Friday, April 3, 2009

The Medical Profession

Though in my family there are already 4 lawyers and one is studying to be a nurse. So I hear and have studied some about this profession. If you can become a doctor or nurse you will never be without a job. However, becoming one is no easy task.

First of all, one must be very smart and very diligent. Just being very smart isn't enough to get through all the many rigors of the Nursing profession. If you want to be an RN with a Bachelor of Science then you must study your first two years of college toward your B.S. and then do another three years of nursing school.

Any nurse I talk to says that the three years of nursing school was the most awful experience of their lives. Many many nurses flunk out or are made to flunk out or are discriminated against(especially in these difficult economic times). When all the minorities got their rights it was in the late 1960s and very early 1970s. It just so happens that this was the most affluent of times for the middle and lower classes that the United States has ever seen and likely will ever see. So, giving people of all classes their rights was the right thing to do. However, now even the upper classes can't get jobs for their kids so all this has changed. And all people rich and poor are in a very difficult struggle to just survive. There just aren't enough jobs for everyone right now. So if you can get a job in the medical profession you will first have to get trained. And this is the most difficult part.

First of all, the problem is that to get college professors to teach medicine in nursing one has to hire nurses with a Master's Degree. However, in order to do this a nurse must first get his or her RN and then work 5 years as a nurse before he or she will be accepted into a Master's program. Then college teachers of nursing make about $60,000 a year and a nurse can make $80,000 a year even with just an RN. So there really is no motivation for nurses to become college teachers of nursing. So this is a very big problem for training new nurses. So the college teachers of nursing tend to be people no one wanted to work with as nurses or very dedicated nursing teachers who are willing to sacrifice money for teaching.

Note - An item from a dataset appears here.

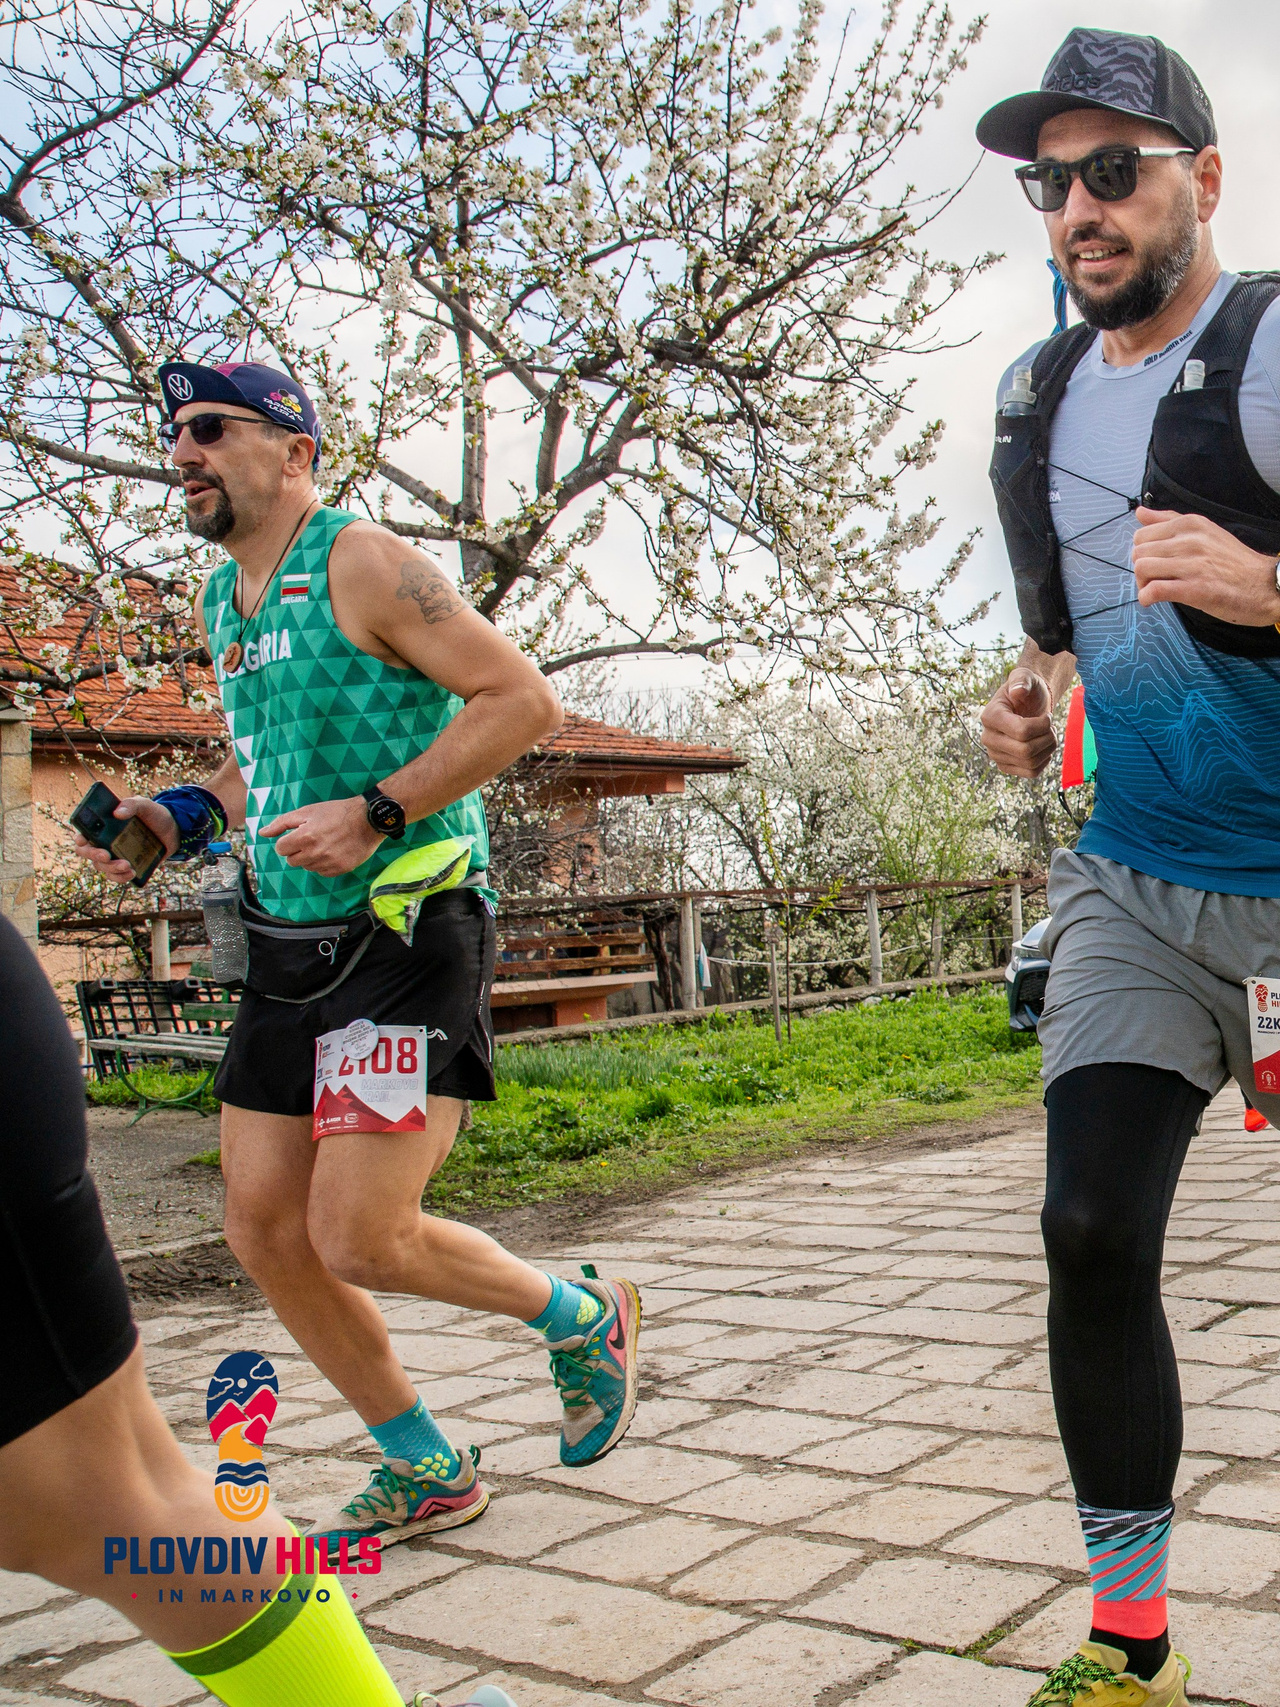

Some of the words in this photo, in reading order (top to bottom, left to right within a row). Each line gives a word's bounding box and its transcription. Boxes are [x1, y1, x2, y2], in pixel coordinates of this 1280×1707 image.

This problem also creates many sub problems such as extremely long waiting lists to get into nursing school. I know of one person who waited 6 years to get into a community college program for nursing(and still didn't get in and finally gave up). (One can become an RN without a BS)just like one can become a lawyer without a bachelor's degree at a private or some community colleges.

So if you can get into a nursing program at a community college(no B.S.) or at a four year B.S. program for an RN, go for it! Because you likely will get only one chance at this in these present circumstances in the United States.

Also, even though you might get an RN here in the United States, you could be a traveling nurse (one month to a year) in different countries. However, if you become a doctor or nurse in another country you likely won't be able to practice medicine in the United States because of the way our system works and would have to go to school again here. So if you ever want to work in the United States in the medical profession you likely have to go to school here.

I know of a physician's assistant from Germany who works here as a physical trainer because her degree as a physician's assistant is not good here. However, it is possible that a nurse from the United States might not be able to work in Germany either.

So, I know that American nurses can work in places like Australia and possibly Canada and throughout the 50 United States.

So, if you want to have a trade for life wherever you want to work in the United States or some other countries choose the medical profession if you always want to have a job. I think we are about 116,000 short of nurses right now in the U.S.